Langflow RCE Exploited to Deploy Monero Miner on Exposed AI App Endpoints

langflow-rce-exploited-to-deploy-monero-miner-on-exposed-ai-app-endpoints
Langflow RCE Exploited to Deploy Monero Miner on Exposed AI App Endpoints

Threat actors are continuing to exploit a critical Langflow vulnerability as part of fresh attacks designed to deliver a Monero cryptocurrency miner.

The activity has been found to weaponize CVE-2026-33017 (CVSS score: 9.3), an unauthenticated remote code execution (RCE) vulnerability in Langflow, indicating threat actors are scanning and targeting exposed artificial intelligence (AI) application endpoints for obtaining initial access to enterprise networks. The attack was observed over a 19-day window between March 27 and April 15, 2026.

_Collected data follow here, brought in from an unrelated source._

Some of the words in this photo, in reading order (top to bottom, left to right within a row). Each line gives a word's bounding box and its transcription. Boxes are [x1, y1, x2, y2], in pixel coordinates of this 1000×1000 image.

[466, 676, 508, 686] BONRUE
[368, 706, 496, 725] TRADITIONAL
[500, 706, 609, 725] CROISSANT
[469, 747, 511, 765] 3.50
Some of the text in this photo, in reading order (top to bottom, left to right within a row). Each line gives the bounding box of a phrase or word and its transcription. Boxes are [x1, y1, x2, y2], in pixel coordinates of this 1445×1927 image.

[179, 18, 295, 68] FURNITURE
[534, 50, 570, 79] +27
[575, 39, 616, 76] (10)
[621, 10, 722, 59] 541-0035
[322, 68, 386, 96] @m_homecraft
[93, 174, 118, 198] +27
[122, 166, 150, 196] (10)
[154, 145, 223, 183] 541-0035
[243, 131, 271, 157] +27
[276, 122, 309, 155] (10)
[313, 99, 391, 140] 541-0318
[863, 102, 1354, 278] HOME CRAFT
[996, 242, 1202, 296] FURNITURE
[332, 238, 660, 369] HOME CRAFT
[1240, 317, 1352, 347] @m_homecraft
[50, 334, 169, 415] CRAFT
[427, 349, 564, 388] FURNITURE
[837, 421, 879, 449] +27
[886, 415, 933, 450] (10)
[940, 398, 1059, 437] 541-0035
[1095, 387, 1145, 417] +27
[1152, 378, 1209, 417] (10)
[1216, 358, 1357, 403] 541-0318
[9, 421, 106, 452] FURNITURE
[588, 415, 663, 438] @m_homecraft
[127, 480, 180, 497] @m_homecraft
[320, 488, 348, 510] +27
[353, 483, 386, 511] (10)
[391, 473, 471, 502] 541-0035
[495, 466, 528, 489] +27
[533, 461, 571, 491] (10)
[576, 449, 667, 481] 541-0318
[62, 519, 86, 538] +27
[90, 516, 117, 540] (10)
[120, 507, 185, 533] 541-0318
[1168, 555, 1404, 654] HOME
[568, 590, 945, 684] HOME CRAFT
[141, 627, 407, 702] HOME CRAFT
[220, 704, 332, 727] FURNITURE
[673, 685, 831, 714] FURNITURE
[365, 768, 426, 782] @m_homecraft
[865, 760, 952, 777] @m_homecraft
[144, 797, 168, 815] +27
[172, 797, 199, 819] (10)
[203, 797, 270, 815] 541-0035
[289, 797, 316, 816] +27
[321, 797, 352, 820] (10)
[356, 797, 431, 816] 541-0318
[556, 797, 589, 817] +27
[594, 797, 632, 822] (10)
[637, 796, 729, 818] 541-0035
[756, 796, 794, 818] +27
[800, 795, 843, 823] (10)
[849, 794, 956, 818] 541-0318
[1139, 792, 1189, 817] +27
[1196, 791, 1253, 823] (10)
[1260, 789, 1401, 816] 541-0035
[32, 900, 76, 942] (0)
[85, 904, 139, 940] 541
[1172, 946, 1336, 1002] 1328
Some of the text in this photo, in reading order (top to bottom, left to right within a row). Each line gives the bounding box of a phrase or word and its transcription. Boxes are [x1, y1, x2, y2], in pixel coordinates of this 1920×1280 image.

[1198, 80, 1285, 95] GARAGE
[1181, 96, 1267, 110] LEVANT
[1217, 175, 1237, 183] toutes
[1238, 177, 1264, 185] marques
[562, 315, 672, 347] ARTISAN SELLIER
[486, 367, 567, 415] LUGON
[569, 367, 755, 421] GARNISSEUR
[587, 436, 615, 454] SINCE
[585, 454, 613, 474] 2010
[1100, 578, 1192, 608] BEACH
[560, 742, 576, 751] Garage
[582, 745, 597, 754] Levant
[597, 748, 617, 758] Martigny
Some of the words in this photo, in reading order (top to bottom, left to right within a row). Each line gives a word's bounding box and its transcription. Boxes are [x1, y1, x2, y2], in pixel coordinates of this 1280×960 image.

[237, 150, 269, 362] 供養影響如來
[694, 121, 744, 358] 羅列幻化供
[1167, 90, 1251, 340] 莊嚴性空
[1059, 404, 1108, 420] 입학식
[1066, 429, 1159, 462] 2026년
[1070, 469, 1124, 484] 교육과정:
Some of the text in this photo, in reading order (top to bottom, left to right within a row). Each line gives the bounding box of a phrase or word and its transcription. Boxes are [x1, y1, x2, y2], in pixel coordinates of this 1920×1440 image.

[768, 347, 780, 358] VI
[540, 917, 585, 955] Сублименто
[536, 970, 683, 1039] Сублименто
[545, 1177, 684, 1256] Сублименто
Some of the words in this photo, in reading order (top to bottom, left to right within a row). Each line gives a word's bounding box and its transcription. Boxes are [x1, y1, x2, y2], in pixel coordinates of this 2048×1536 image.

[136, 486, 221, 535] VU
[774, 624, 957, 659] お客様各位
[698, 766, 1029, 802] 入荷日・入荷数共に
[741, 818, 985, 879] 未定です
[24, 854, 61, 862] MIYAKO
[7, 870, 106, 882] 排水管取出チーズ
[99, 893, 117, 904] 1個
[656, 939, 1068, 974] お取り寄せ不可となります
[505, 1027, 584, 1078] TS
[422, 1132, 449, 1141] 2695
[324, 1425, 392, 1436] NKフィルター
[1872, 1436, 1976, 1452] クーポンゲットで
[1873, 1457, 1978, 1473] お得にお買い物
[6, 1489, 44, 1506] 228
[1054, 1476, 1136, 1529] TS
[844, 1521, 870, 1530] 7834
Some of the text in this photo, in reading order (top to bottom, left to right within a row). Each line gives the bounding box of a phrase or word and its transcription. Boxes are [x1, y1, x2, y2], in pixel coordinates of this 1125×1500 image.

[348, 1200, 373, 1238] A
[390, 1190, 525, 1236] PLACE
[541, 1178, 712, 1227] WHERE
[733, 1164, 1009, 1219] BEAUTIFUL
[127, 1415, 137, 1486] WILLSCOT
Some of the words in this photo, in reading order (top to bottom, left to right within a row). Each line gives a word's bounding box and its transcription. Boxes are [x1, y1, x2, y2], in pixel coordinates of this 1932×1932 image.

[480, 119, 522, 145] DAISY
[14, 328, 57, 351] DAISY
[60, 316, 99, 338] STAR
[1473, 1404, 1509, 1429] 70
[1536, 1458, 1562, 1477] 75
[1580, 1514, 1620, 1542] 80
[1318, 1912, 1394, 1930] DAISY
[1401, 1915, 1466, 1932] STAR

“In this campaign, a single line of Python code evaluated inside an unauthenticated Langflow API endpoint pulls down a shell script, fetches a miner binary, and launches it detached,” Trend Micro researchers Simon Dulude and John Zhang said in a technical report published last week.

At a high level, the malware is designed to terminate competing cryptocurrency miner processes associated with Kinsing, WatchDog, Rocke, and Outlaw, delete rival wallet and key material, disable host-level security controls, establish cron-based persistence, beacon to an external server (“83.142.209[.]214:80), and deploy a custom miner. It can also propagate to other systems through reused SSH keys, effectively turning an exposed Langflow instance into a pathway for broader compromise.

This involves exploiting the Langflow flaw to run an attacker-supplied Python script, which, in turn, is configured to launch a remotely hosted shell script that acts as a dropper whose primary responsibility is to check if a binary called “lambsys” is already running on the host.

Subsequently, it downloads the binary on the machine using curl or wget, launches it as a detached process, and spreads itself to every SSH-reachable host the victim can authenticate to. The binary, an ELF executable written in Go, is also engineered to disable AppArmor, Ubuntu’s Uncomplicated Firewall, iptables, SELinux, the kernel NMI watchdog, and Alibaba Cloud’s Aliyun agent.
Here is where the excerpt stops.